### YOUR INSTRUCTIONS
Repeat these records exactly, pictures excluded.
** Opening RECORDS FOR THIS EXERCISE block **
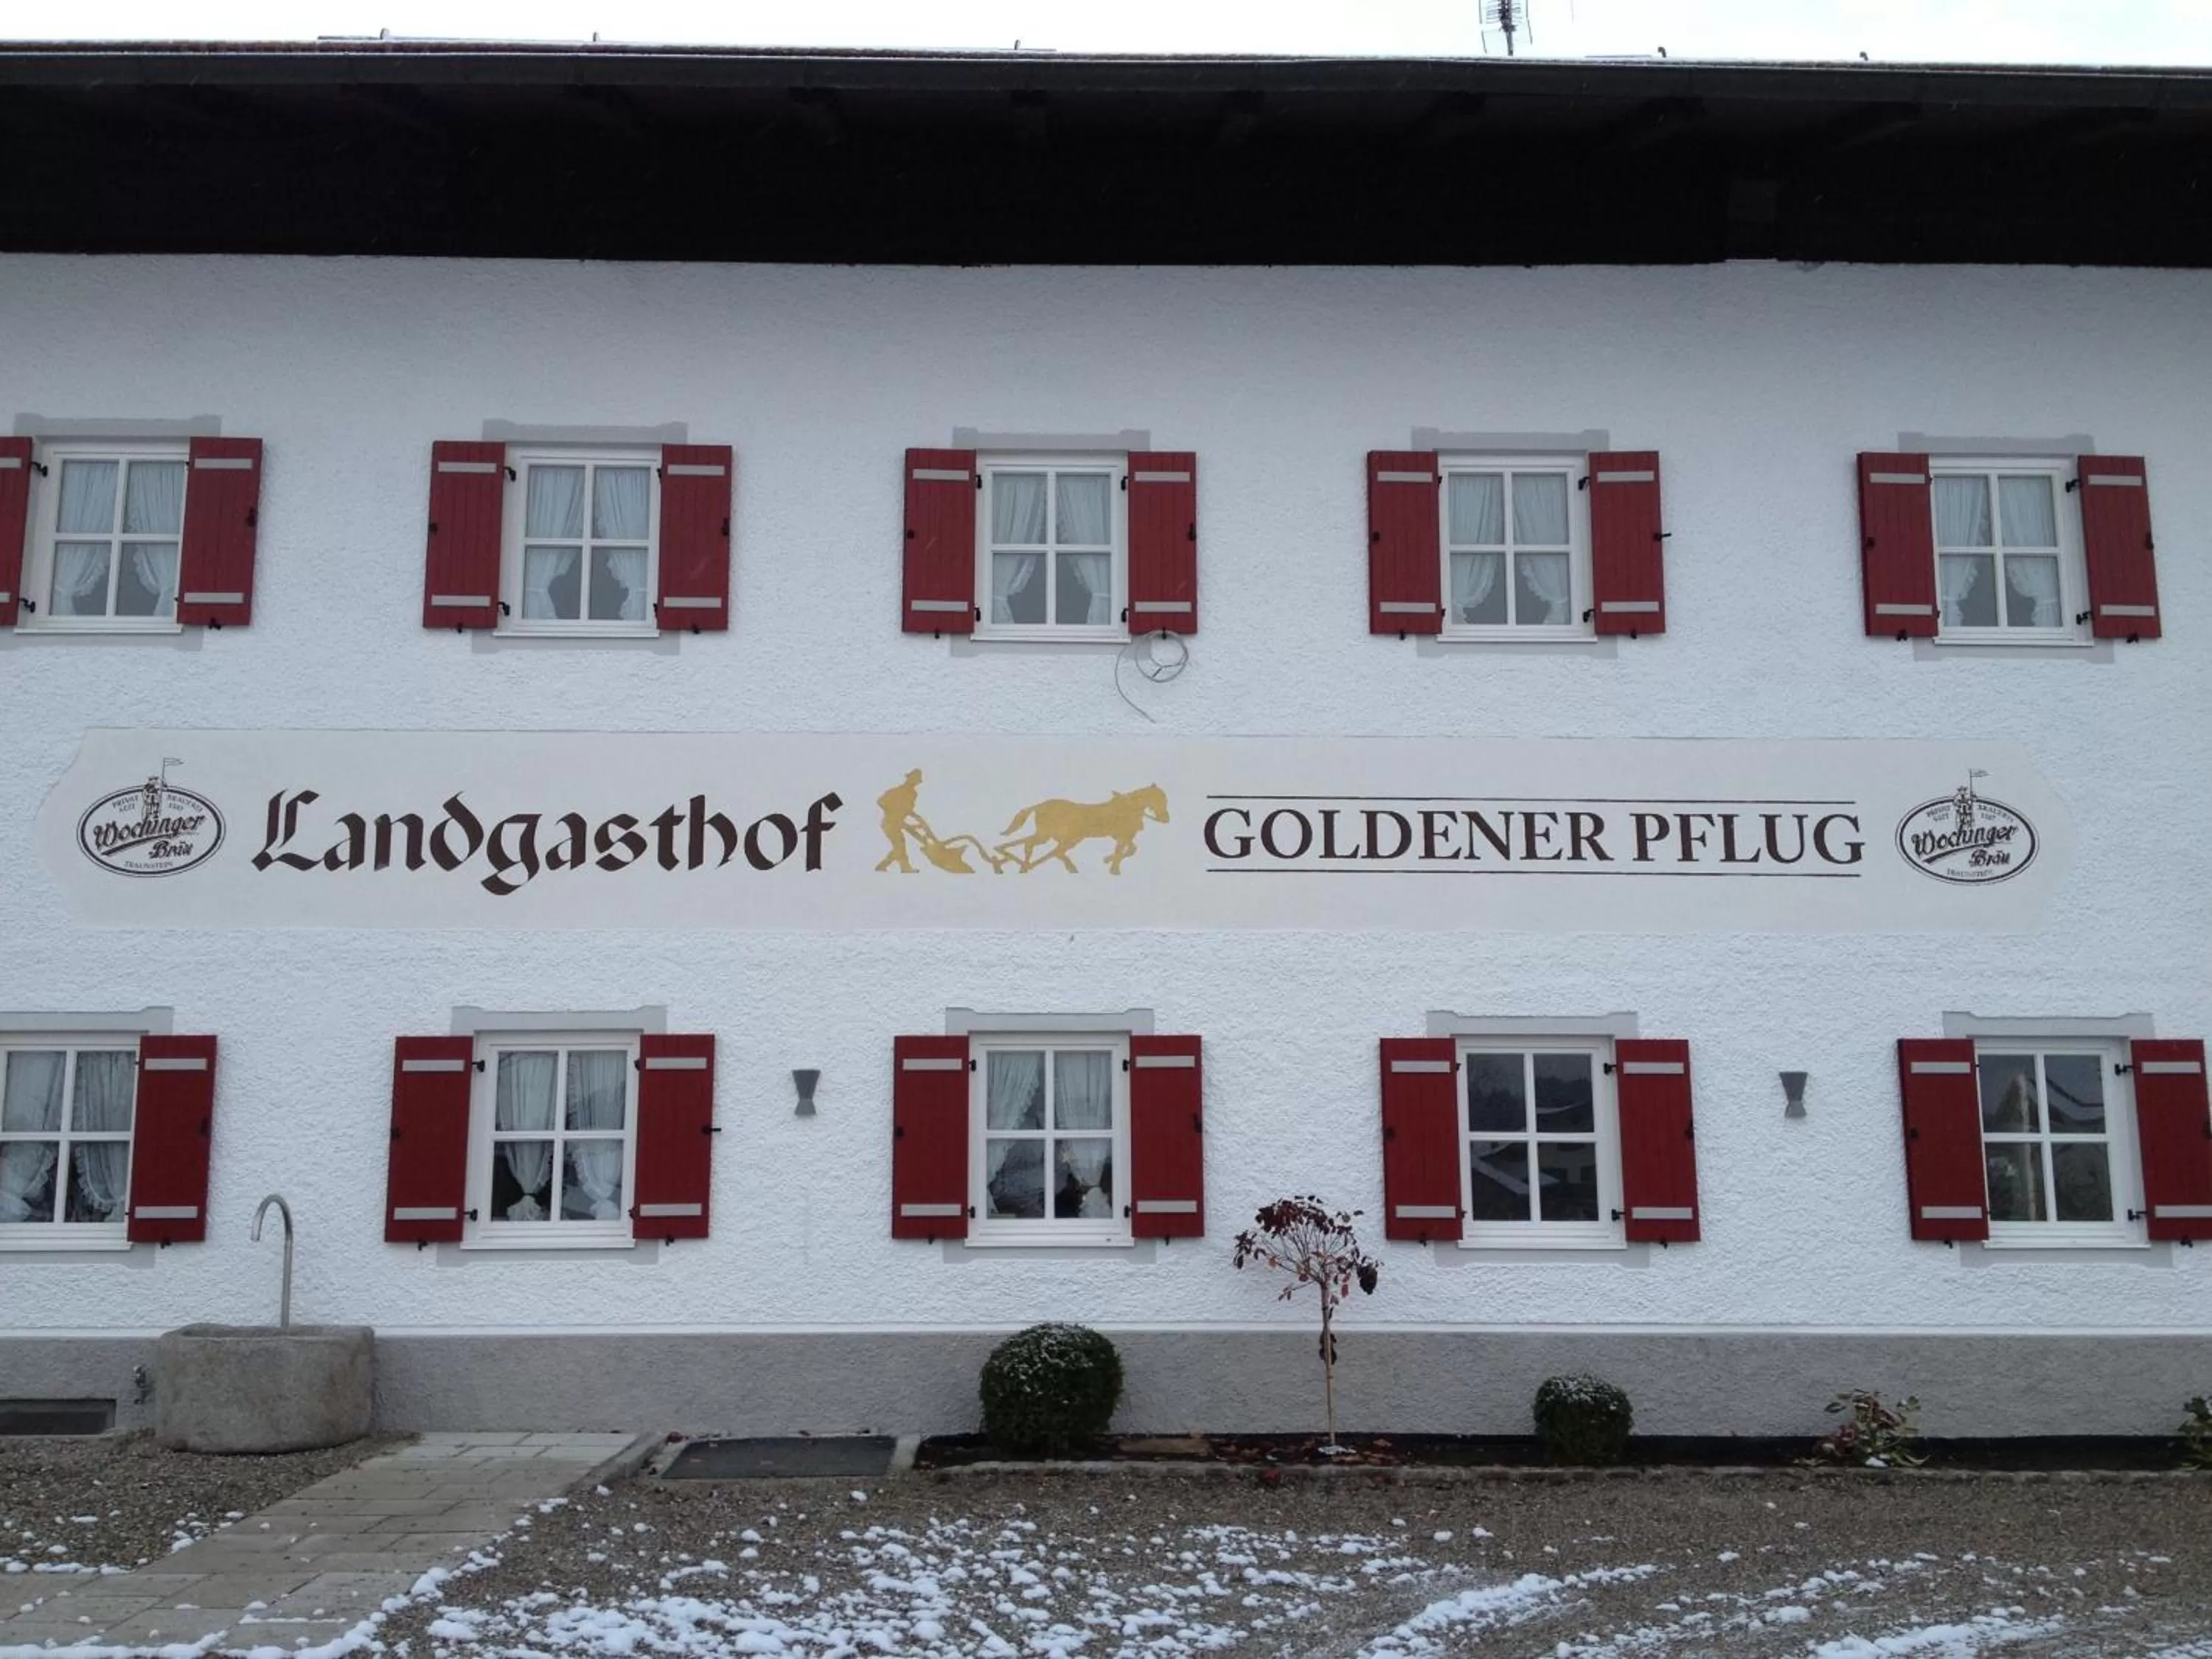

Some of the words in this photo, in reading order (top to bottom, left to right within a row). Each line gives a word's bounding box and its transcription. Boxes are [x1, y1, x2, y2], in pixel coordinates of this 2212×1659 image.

[251, 789, 844, 896] Landgasthof
[1204, 808, 1615, 861] GOLDENER
[1629, 813, 1865, 865] PFLUG
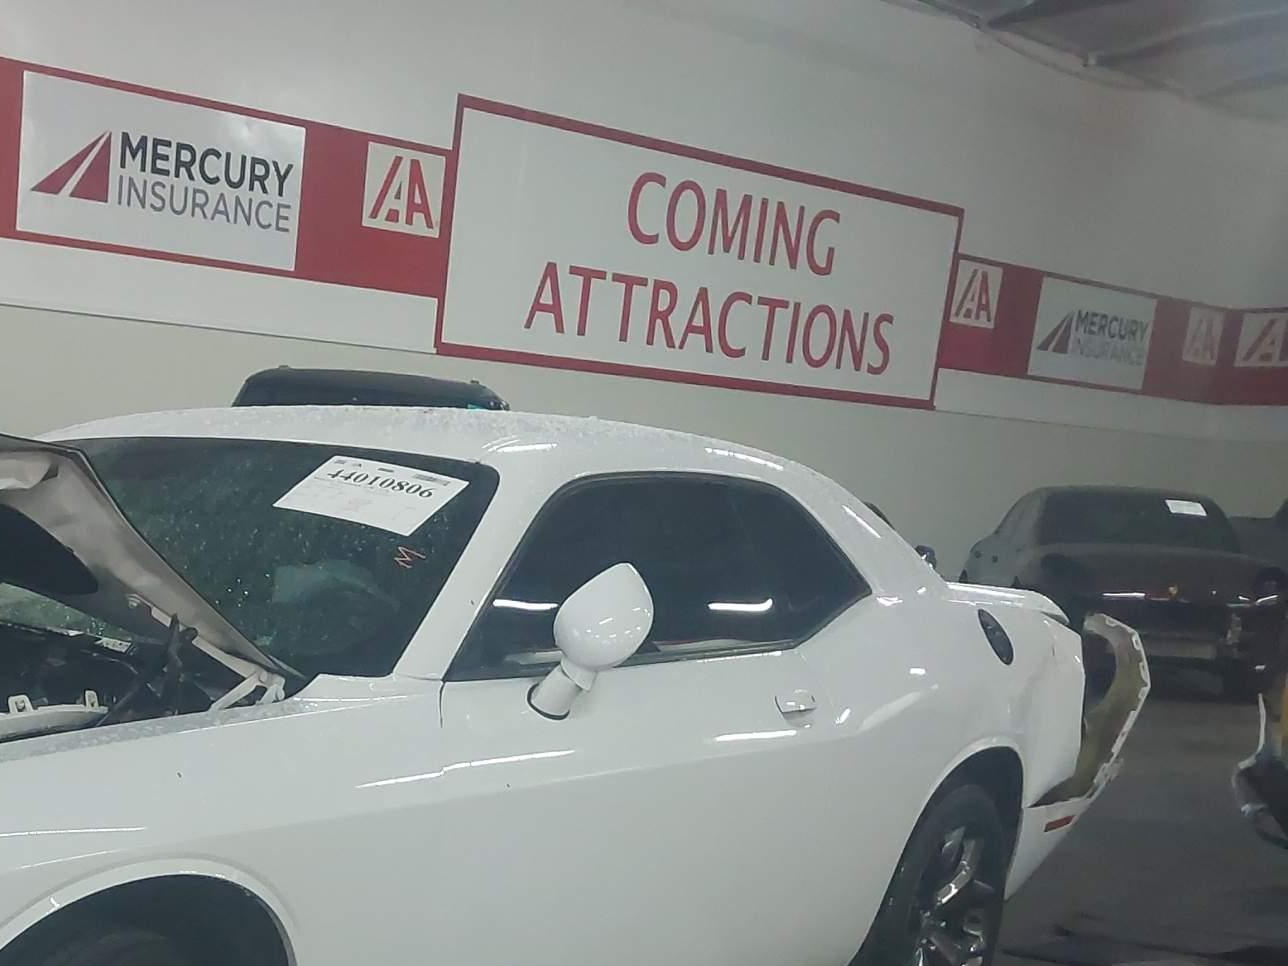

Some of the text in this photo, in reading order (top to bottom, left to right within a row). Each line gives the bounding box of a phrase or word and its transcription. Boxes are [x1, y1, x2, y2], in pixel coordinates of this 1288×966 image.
** Closing RECORDS FOR THIS EXERCISE block **
### ANSWER SECTION
Some of the words in this photo, in reading order (top to bottom, left to right within a row). Each line gives a word's bounding box and its transcription. Boxes are [x1, y1, x2, y2], in pixel coordinates of this 2212×1659 image.

[251, 789, 844, 896] Landgasthof
[1204, 808, 1615, 861] GOLDENER
[1629, 813, 1865, 865] PFLUG

Some of the text in this photo, in reading order (top to bottom, left to right within a row). Each line gives the bounding box of a phrase or word and its transcription. Boxes are [x1, y1, x2, y2], in pixel coordinates of this 1288×966 image.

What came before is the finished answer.